Subvocal recognition (SVR) is the process of taking subvocalization and converting the detected results to a digital output, aural or text-based.[1] A silent speech interface is a device that allows speech communication without using the sound made when people vocalize their speech sounds. It works by the computer identifying the phonemes that an individual pronounces from nonauditory sources of information about their speech movements. These are then used to recreate the speech using speech synthesis.[2]

Input methods

[edit | edit source]

Silent speech interface systems have been created using ultrasound and optical camera input of tongue and lip movements.[3] Electromagnetic devices are another technique for tracking tongue and lip movements.[4]

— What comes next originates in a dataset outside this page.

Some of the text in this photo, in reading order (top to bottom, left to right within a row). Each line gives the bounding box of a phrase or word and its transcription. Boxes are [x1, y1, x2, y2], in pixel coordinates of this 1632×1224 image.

The detection of speech movements by electromyography of speech articulator muscles and the larynx is another technique.[5][6] Another source of information is the vocal tract resonance signals that get transmitted through bone conduction called non-audible murmurs.[7]

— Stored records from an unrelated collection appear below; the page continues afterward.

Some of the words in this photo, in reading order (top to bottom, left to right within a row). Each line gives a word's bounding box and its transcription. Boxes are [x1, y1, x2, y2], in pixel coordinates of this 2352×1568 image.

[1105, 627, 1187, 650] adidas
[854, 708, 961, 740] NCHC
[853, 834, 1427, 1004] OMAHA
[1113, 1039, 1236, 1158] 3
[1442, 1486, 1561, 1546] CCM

They have also been created as a brain–computer interface using brain activity in the motor cortex obtained from intracortical microelectrodes.[8]

Such devices are created as aids to those unable to create the sound phonation needed for audible speech such as after laryngectomies.[9] Another use is for communication when speech is masked by background noise or distorted by self-contained breathing apparatus. A further practical use is where a need exists for silent communication, such as when privacy is required in a public place, or hands-free data silent transmission is needed during a military or security operation.[3][10]

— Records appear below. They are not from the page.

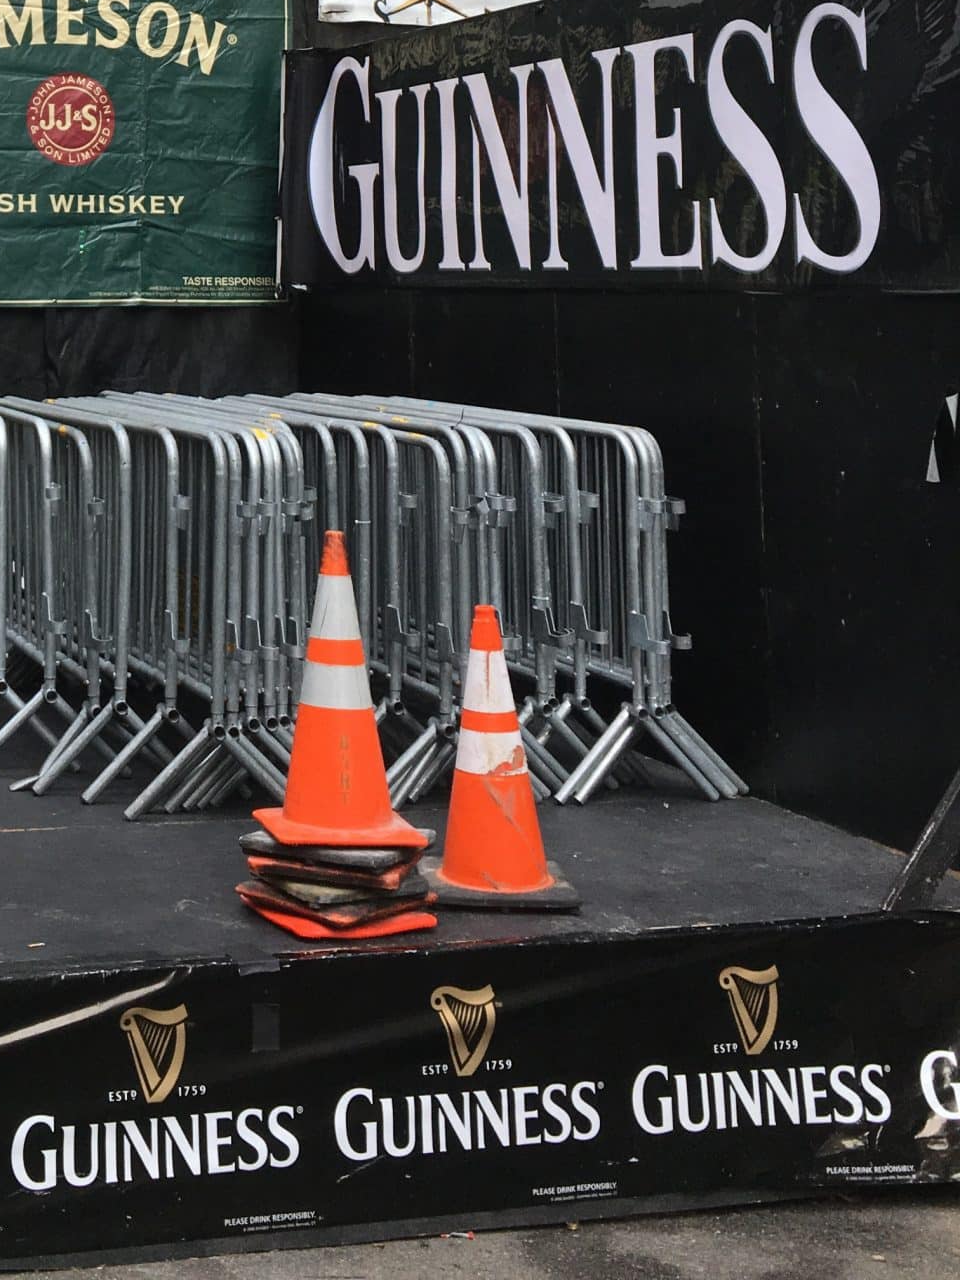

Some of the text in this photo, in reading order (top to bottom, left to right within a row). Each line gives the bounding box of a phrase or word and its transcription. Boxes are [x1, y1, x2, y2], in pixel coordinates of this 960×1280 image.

[30, 75, 111, 114] JOHN JAMESON
[40, 104, 97, 131] JJ&S
[37, 138, 63, 160] SON
[69, 128, 111, 163] LIMITED
[308, 2, 882, 275] GUINNESS
[49, 194, 185, 215] WHISKEY
[182, 276, 213, 285] TASTE
[773, 1039, 799, 1051] 1759
[484, 1058, 512, 1071] 1759
[177, 1084, 207, 1098] 1759
[632, 1063, 891, 1135] GUINNESS
[334, 1081, 601, 1162] GUINNESS
[10, 1105, 300, 1191] GUINNESS
[826, 1166, 851, 1175] PLEASE
[532, 1186, 555, 1196] PLEASE
[556, 1185, 576, 1194] DRINK
[224, 1216, 248, 1226] PLEASE
[250, 1215, 271, 1224] DRINK
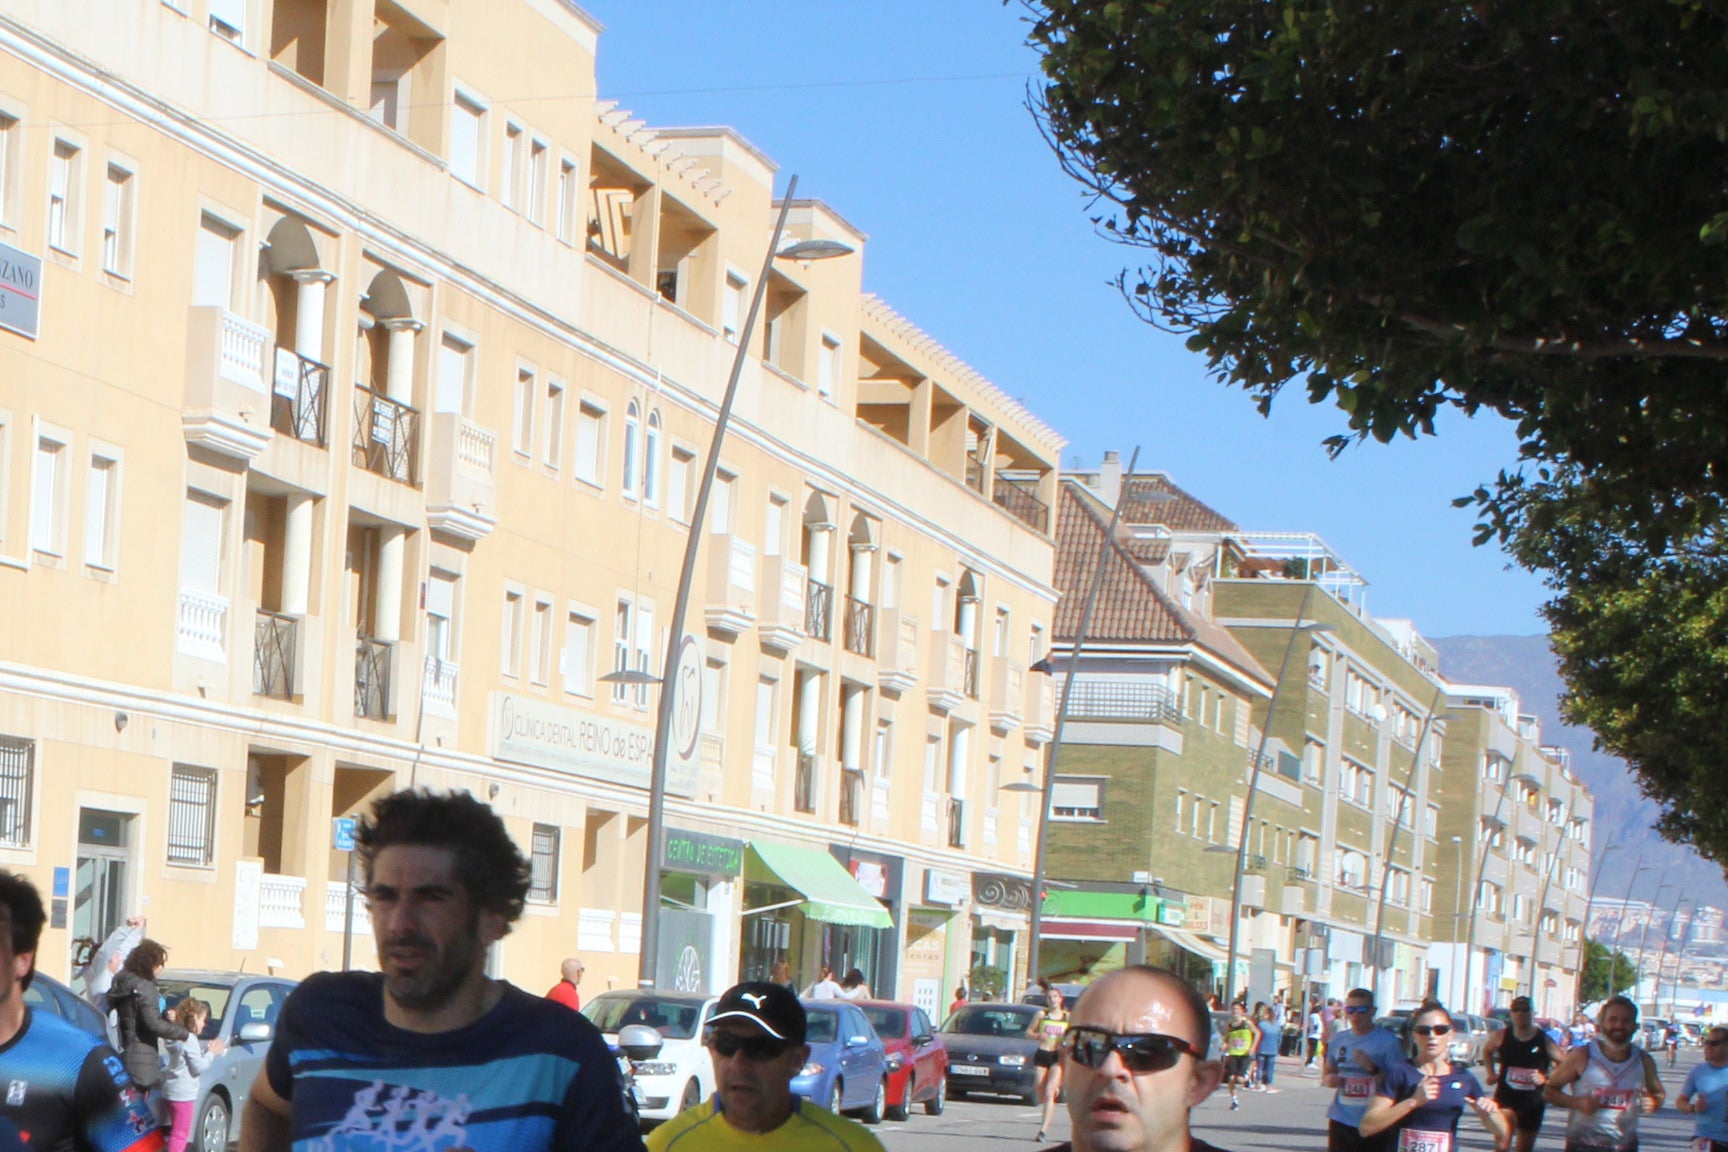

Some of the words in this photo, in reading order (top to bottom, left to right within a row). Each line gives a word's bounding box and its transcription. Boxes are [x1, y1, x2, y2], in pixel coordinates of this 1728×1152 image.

In 2002, the Japanese company NTT DoCoMo announced it had created a silent mobile phone using electromyography and imaging of lip movement. The company stated that "the spur to developing such a phone was ridding public places of noise," adding that, "the technology is also expected to help people who have permanently lost their voice."[11] The feasibility of using silent speech interfaces for practical communication has since then been shown.[12]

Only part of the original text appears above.